▶ EXERCISE BRIEF
Go through the data below and repeat it exactly, skipping each picture.

━━ RECORDS SUPPLIED

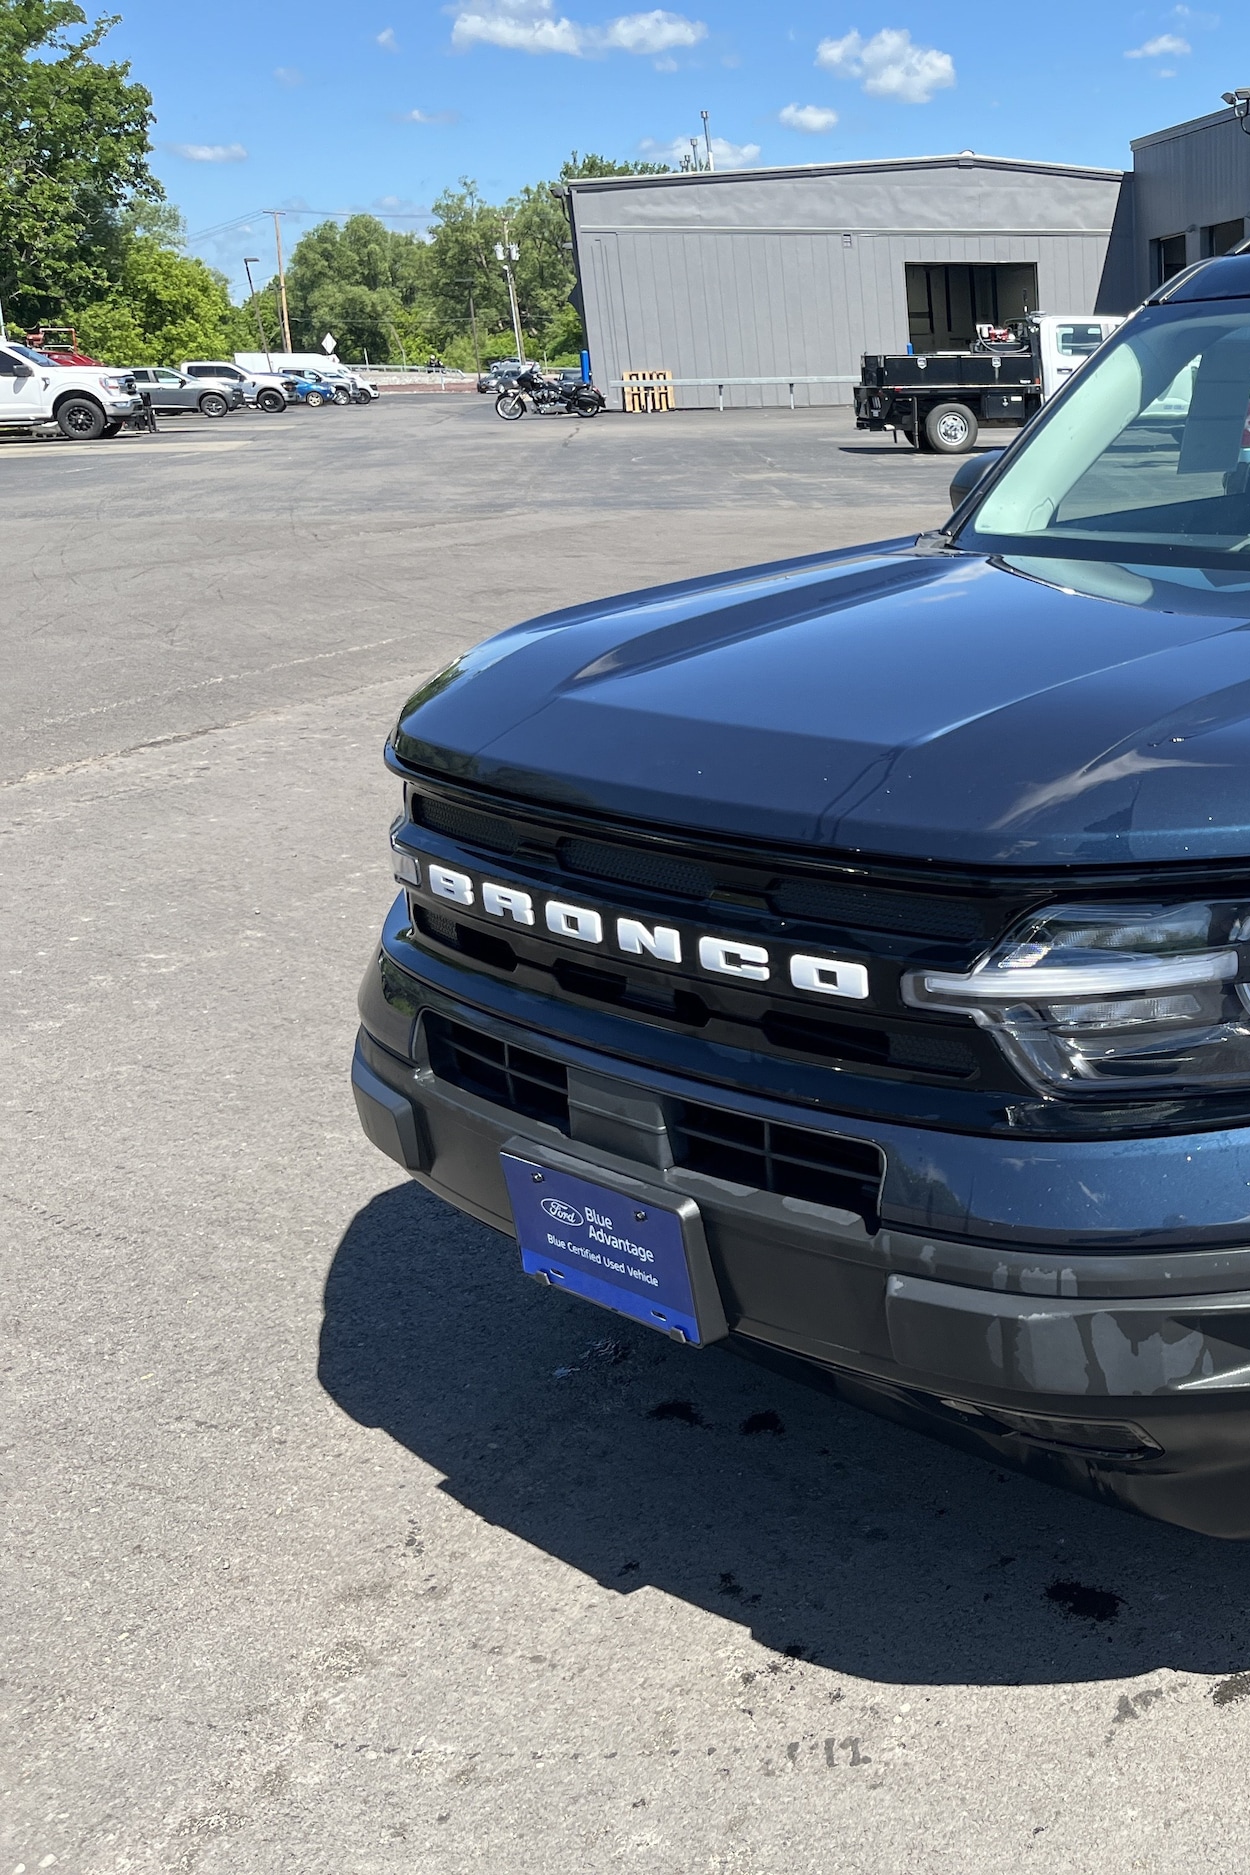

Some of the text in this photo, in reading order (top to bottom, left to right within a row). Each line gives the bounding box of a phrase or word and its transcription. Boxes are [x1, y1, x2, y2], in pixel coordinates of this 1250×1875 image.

[428, 864, 870, 1000] BRONCO
[548, 1200, 577, 1225] Ford
[584, 1206, 613, 1231] Blue
[547, 1233, 659, 1287] Blue Certified Used Vehicle
[588, 1225, 655, 1263] Advantage

━━━━

▶ RESPONSE TO THIS EXERCISE
Some of the text in this photo, in reading order (top to bottom, left to right within a row). Each line gives the bounding box of a phrase or word and its transcription. Boxes are [x1, y1, x2, y2], in pixel coordinates of this 1250×1875 image.

[428, 864, 870, 1000] BRONCO
[548, 1200, 577, 1225] Ford
[584, 1206, 613, 1231] Blue
[547, 1233, 659, 1287] Blue Certified Used Vehicle
[588, 1225, 655, 1263] Advantage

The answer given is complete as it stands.